From: Liberty City | Registered: Jul 2003
| IP: Logged |
quote:Originally posted by Set: The ability to blind everyone of us during a crucial encounter seems, uh, counter-productive, miss, er, Shadow Lass. Good luck and don't let the space-door hit you in the space-caboose on the way out.
I'm sorry Sun Boy, we try to avoid property damage and injuring civilians during our superheroing, and the ability to fling fire around seems to lack any sort of safe or beneficial applications. But here's a year's supply of Banyo-a-Roni, the Sorcerer's World treat!
Super-Karate? You've got to be kidding, right? Can you do super-cooking, or super-cleaning? We're looking for a new maid...

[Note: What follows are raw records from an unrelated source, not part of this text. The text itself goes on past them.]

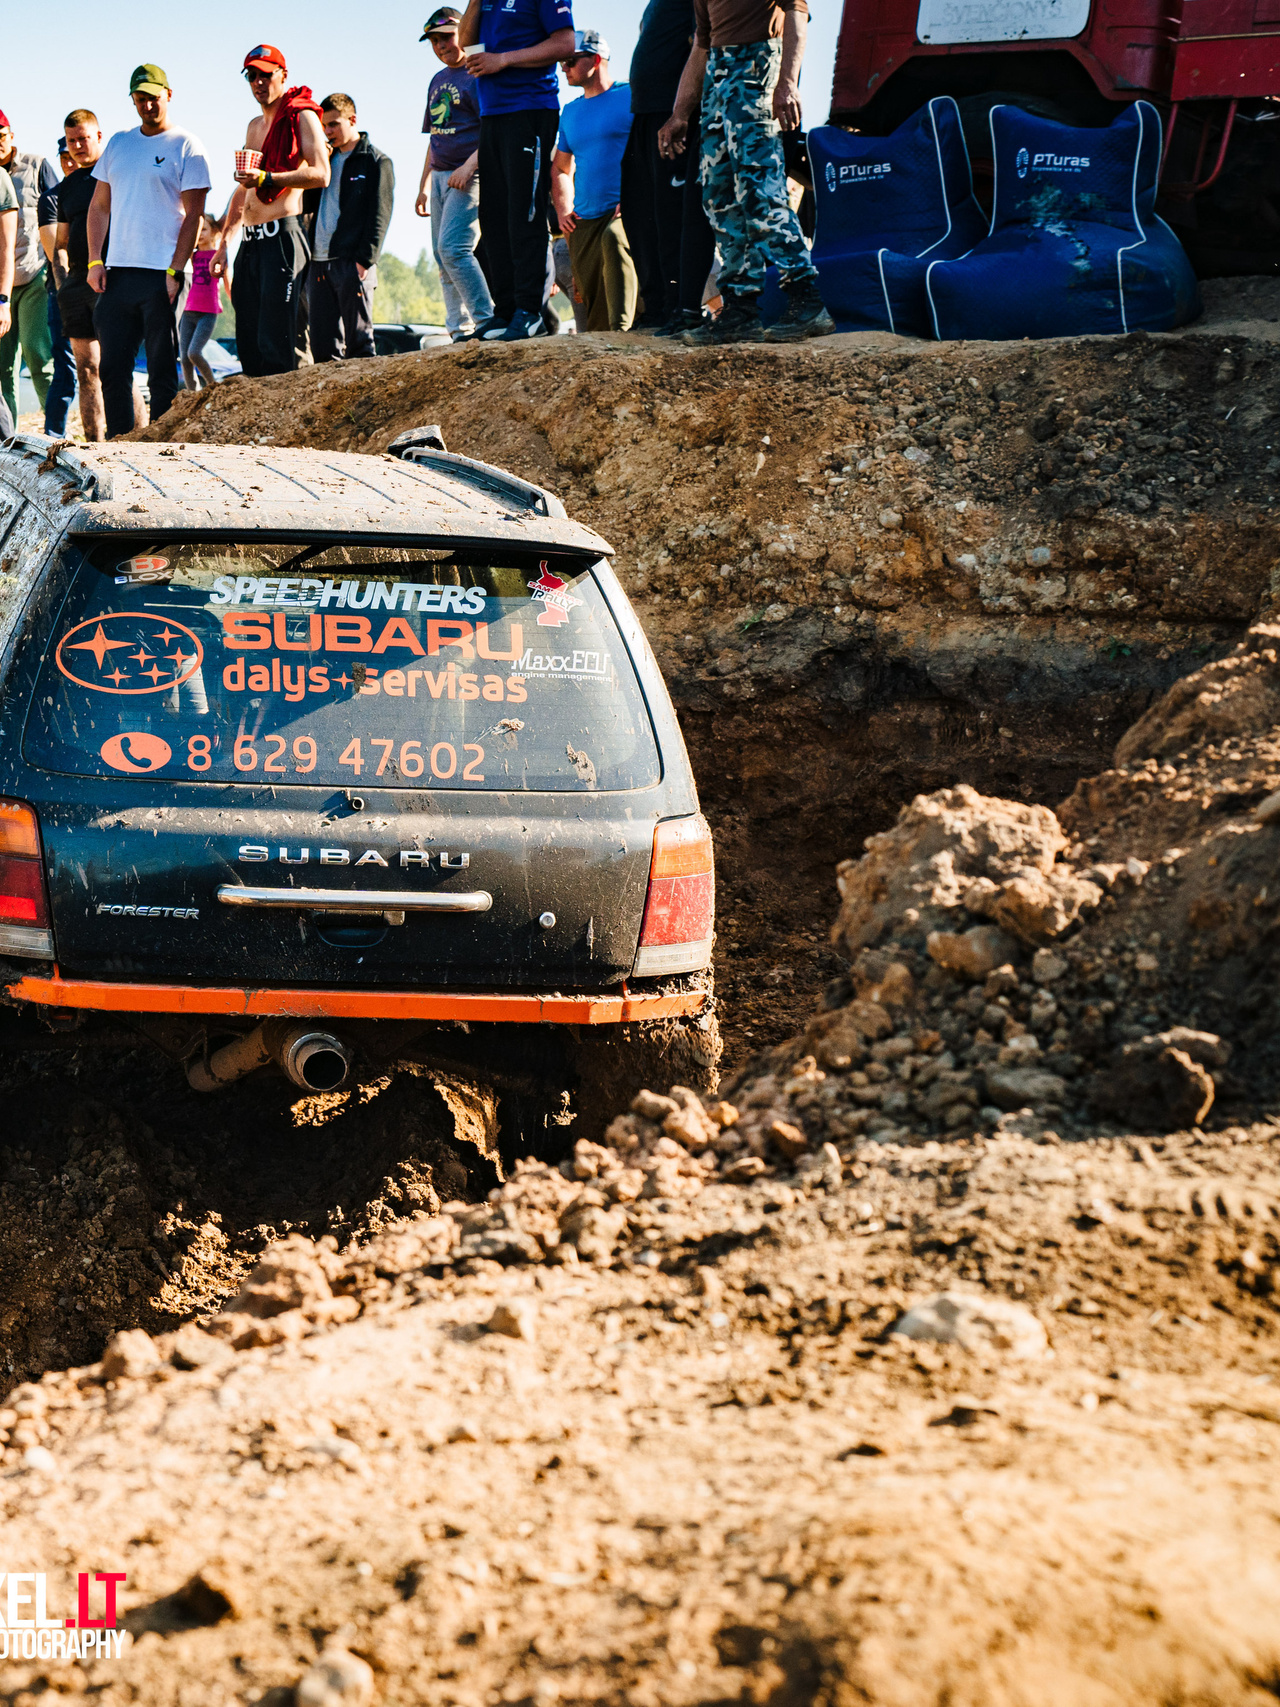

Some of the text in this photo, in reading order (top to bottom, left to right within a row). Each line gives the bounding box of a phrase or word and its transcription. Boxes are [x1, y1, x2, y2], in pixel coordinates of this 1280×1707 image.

[1033, 153, 1091, 168] PTuras
[839, 162, 892, 179] PTuras
[115, 569, 174, 585] BLOX
[209, 576, 487, 615] SPEEDHUNTERS
[533, 589, 574, 611] RALLY
[223, 612, 523, 661] SUBARU
[511, 671, 612, 682] engine management
[187, 735, 485, 782] 8 629 47602
[238, 845, 470, 869] SUBARU
[96, 904, 200, 920] FORESTER
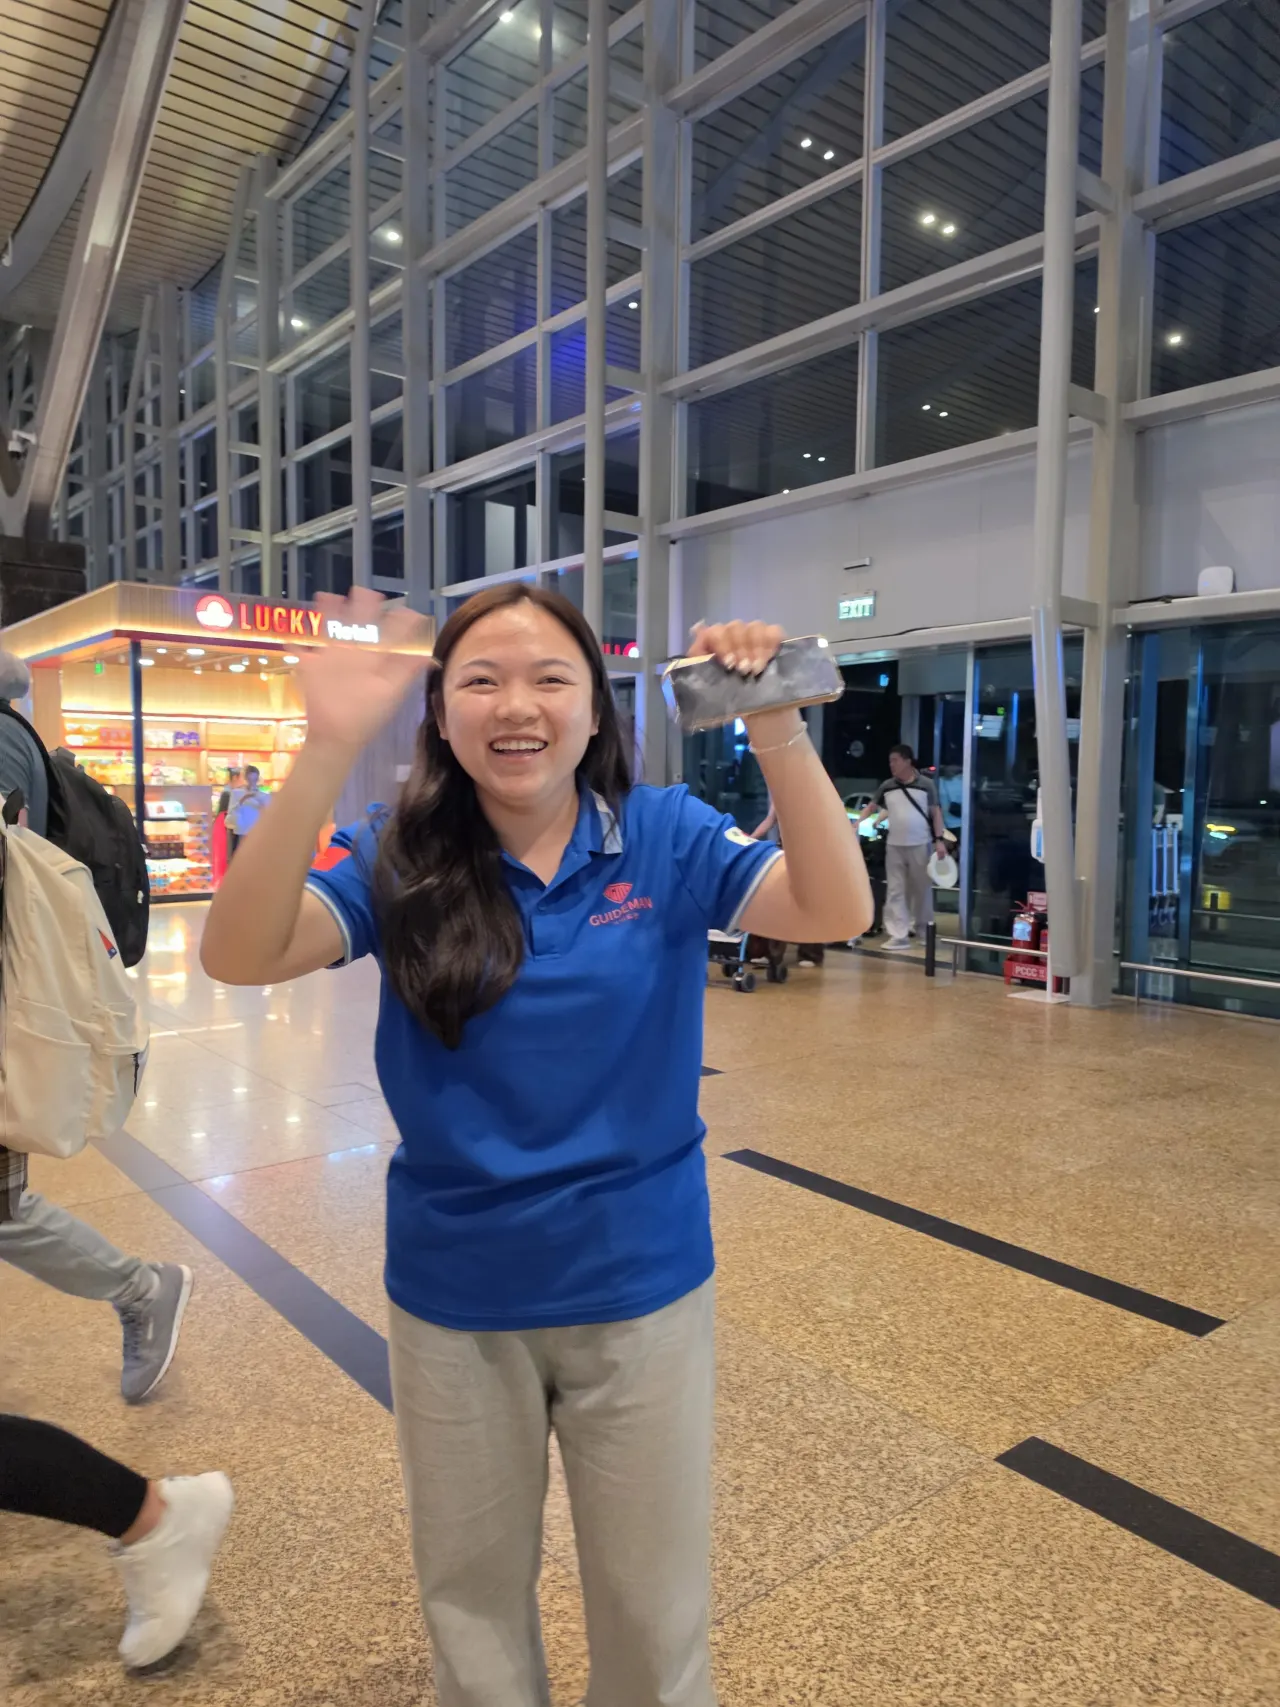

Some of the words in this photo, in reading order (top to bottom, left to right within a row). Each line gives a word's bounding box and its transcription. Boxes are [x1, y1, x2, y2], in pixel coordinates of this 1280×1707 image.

[839, 597, 874, 619] EXIT
[239, 603, 323, 636] LUCKY
[327, 620, 379, 643] Retail
[589, 896, 653, 926] GUIDEMAN
[1015, 965, 1037, 977] PCCC

Ferro Lad, you can, um, turn to iron, and your 'kinda tough?' Excellent. As an interesting coincidence, I'm called the Boy of Steel, which is actually a misnomer, since I'm about a billion times more invulnerable that steel (or, yanno, iron, steel's wimpy cousin), and I can fly at the speed of light, and I can knock the moon out of orbit, and I can blow out a hurricane with my breath and blast starfreigters out of the sky with my laser beam eyes. So, in case you're not getting me, you're pathetic. Get lost. Come back when you can turn into something useful, like a fire hydrant, 'cause Krypto's giving me that look again...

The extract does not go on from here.